* **GOAL OF THE EXERCISE**
Every record must be restated exactly. Drop the images.
|---|
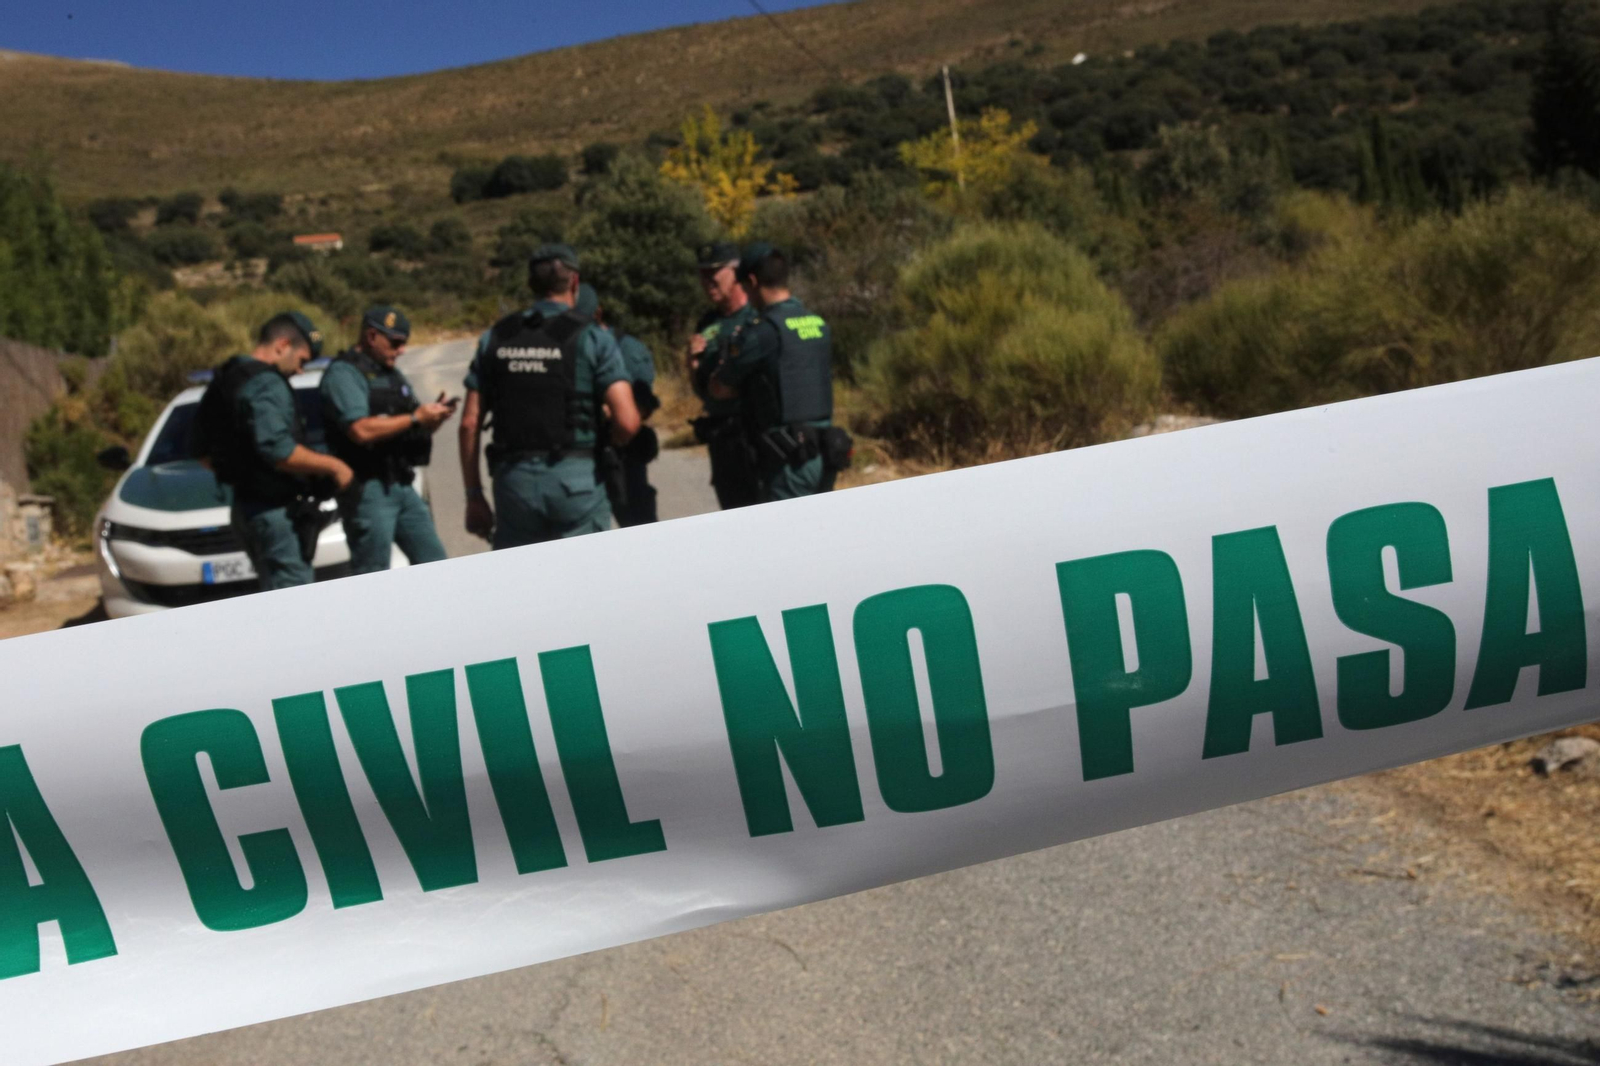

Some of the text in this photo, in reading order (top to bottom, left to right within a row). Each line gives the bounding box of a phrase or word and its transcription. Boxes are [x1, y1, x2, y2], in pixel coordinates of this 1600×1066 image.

[497, 347, 562, 360] GUARDIA
[508, 360, 548, 373] CIVIL
[141, 645, 667, 932] CIVIL
[708, 585, 995, 837] NO
[1056, 478, 1588, 781] PASA
|---|
* **RESPONSE TO THIS EXERCISE**
Some of the text in this photo, in reading order (top to bottom, left to right within a row). Each line gives the bounding box of a phrase or word and its transcription. Boxes are [x1, y1, x2, y2], in pixel coordinates of this 1600×1066 image.

[497, 347, 562, 360] GUARDIA
[508, 360, 548, 373] CIVIL
[141, 645, 667, 932] CIVIL
[708, 585, 995, 837] NO
[1056, 478, 1588, 781] PASA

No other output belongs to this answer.